▶ Your objective: Only the lines from the one containing "this 1920×1439 image." through the end of the data below should be copied, each exactly as written and with both ends kept.

▶ Data in this exercise:

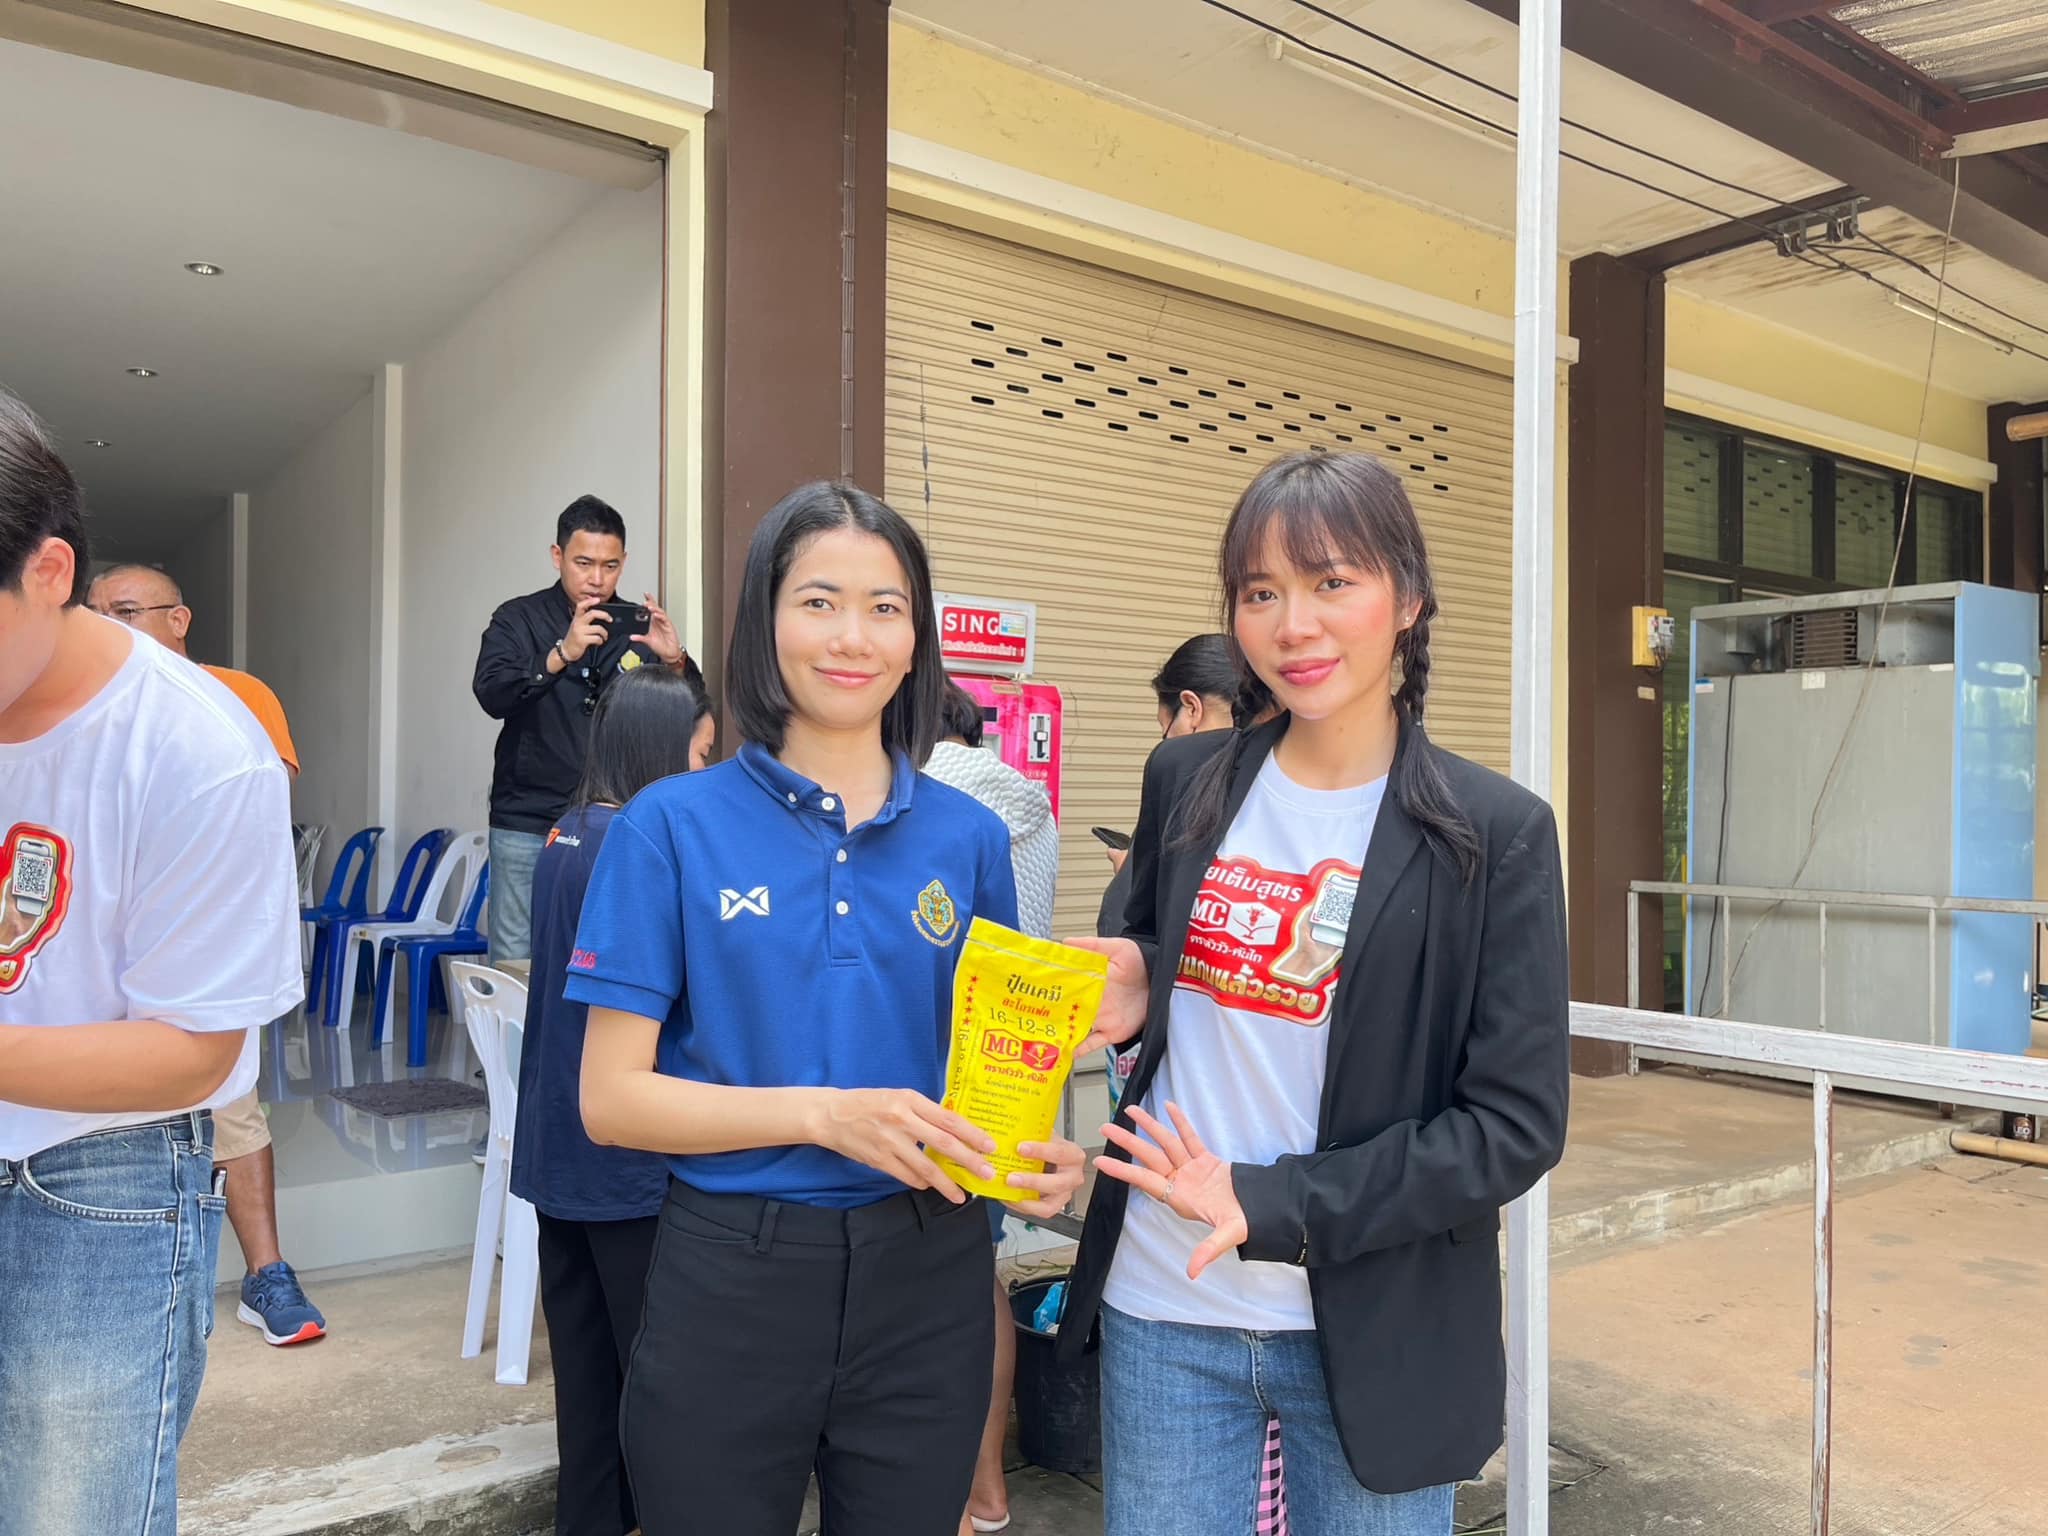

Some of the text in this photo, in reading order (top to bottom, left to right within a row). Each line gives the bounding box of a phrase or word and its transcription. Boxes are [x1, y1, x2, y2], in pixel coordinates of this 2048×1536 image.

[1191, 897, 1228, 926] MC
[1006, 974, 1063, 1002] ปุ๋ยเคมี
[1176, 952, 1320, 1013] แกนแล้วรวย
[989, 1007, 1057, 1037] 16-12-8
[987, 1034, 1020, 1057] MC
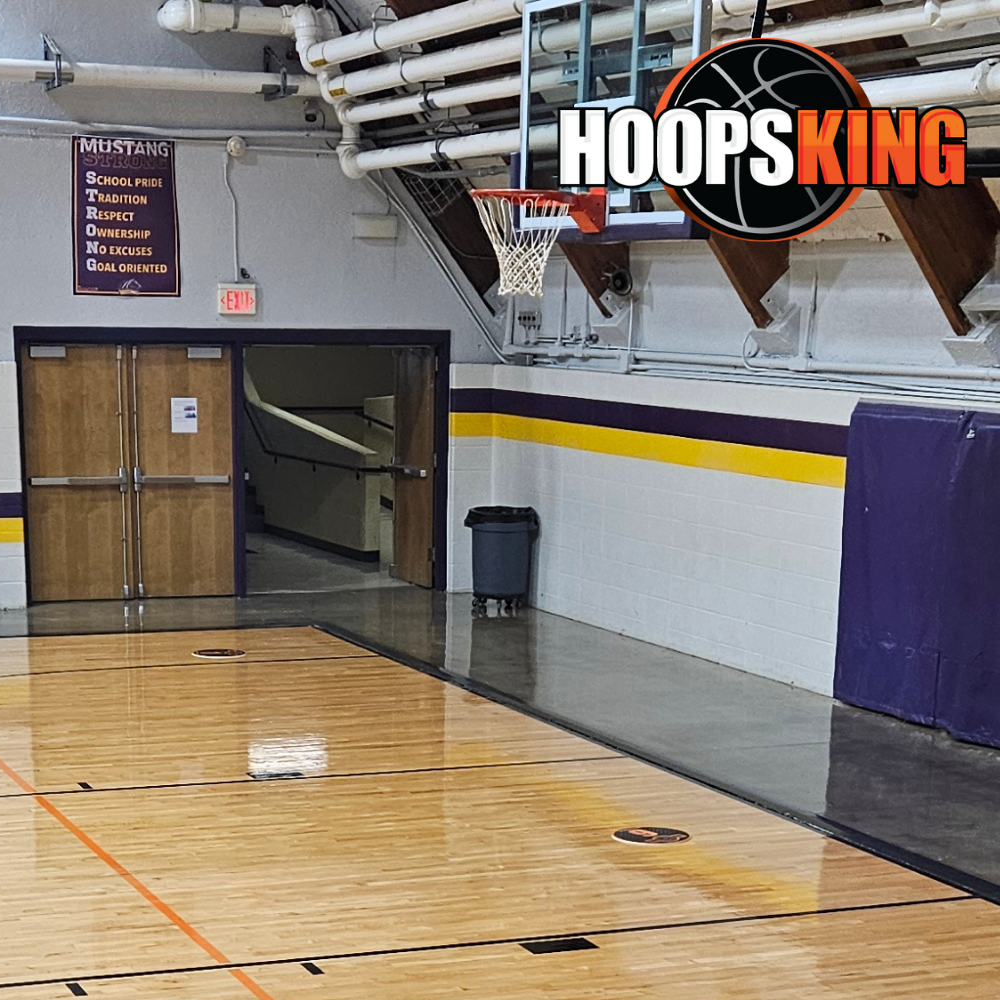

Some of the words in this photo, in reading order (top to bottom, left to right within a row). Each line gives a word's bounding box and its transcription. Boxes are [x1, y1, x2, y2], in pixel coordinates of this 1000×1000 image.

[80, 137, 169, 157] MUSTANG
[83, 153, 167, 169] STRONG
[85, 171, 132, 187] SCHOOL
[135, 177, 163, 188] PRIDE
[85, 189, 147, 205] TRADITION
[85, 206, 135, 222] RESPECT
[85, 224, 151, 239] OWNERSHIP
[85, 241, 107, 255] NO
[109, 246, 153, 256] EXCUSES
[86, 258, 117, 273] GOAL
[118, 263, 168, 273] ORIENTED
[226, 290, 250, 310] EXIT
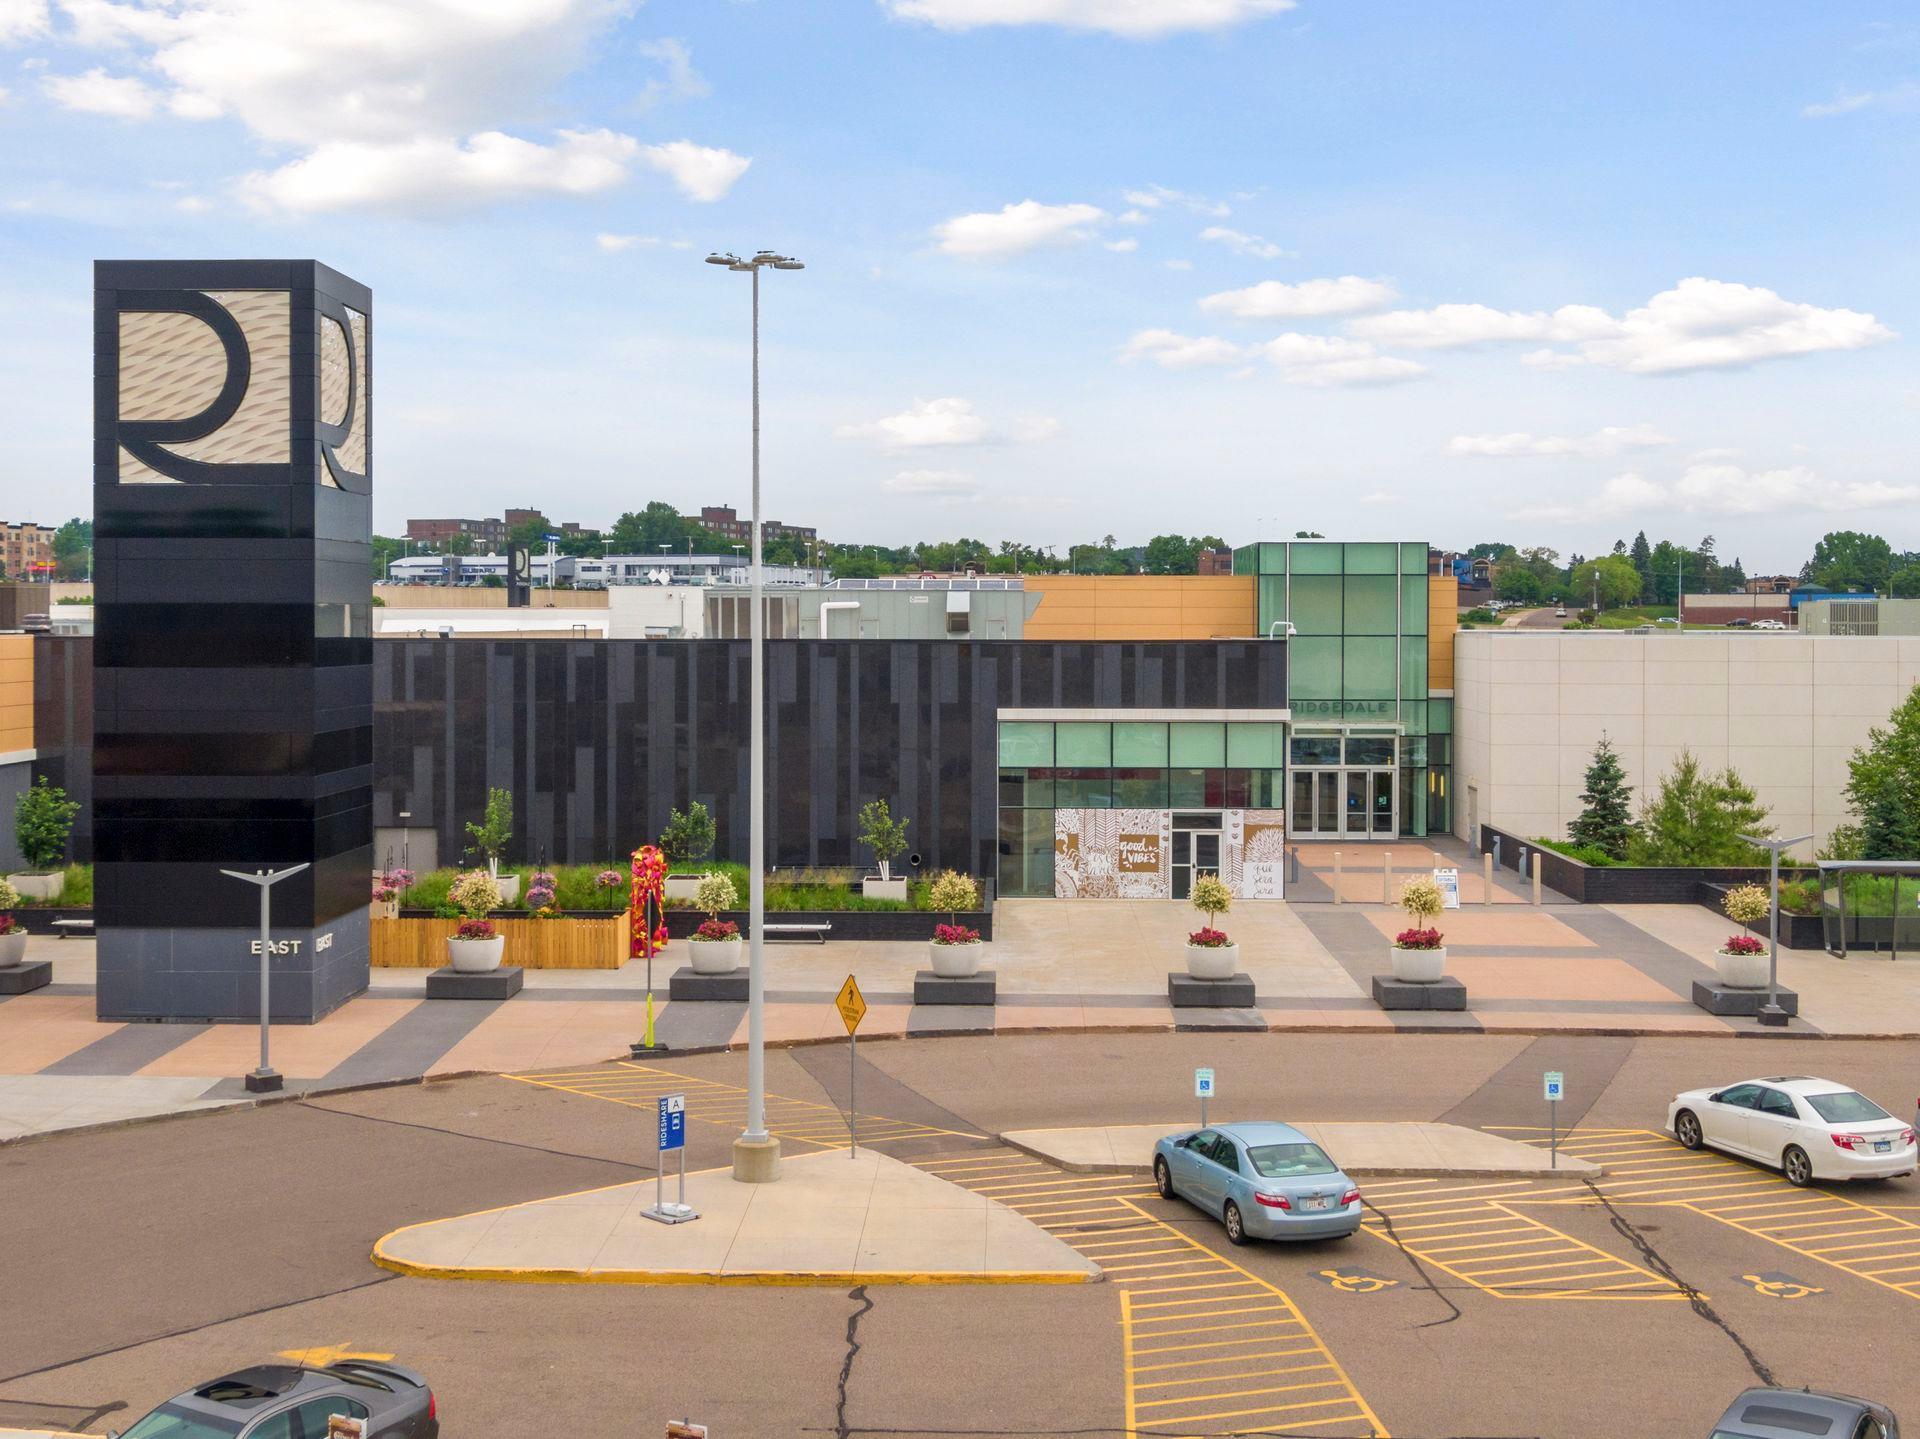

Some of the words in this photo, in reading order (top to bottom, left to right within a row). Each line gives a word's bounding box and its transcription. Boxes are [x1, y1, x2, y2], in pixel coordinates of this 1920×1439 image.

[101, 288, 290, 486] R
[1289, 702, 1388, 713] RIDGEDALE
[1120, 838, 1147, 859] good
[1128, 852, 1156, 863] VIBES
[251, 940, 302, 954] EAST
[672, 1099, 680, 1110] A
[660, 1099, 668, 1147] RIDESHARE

▶ Result for this exercise:
Some of the words in this photo, in reading order (top to bottom, left to right within a row). Each line gives a word's bounding box and its transcription. Boxes are [x1, y1, x2, y2], in pixel coordinates of this 1920×1439 image.

[101, 288, 290, 486] R
[1289, 702, 1388, 713] RIDGEDALE
[1120, 838, 1147, 859] good
[1128, 852, 1156, 863] VIBES
[251, 940, 302, 954] EAST
[672, 1099, 680, 1110] A
[660, 1099, 668, 1147] RIDESHARE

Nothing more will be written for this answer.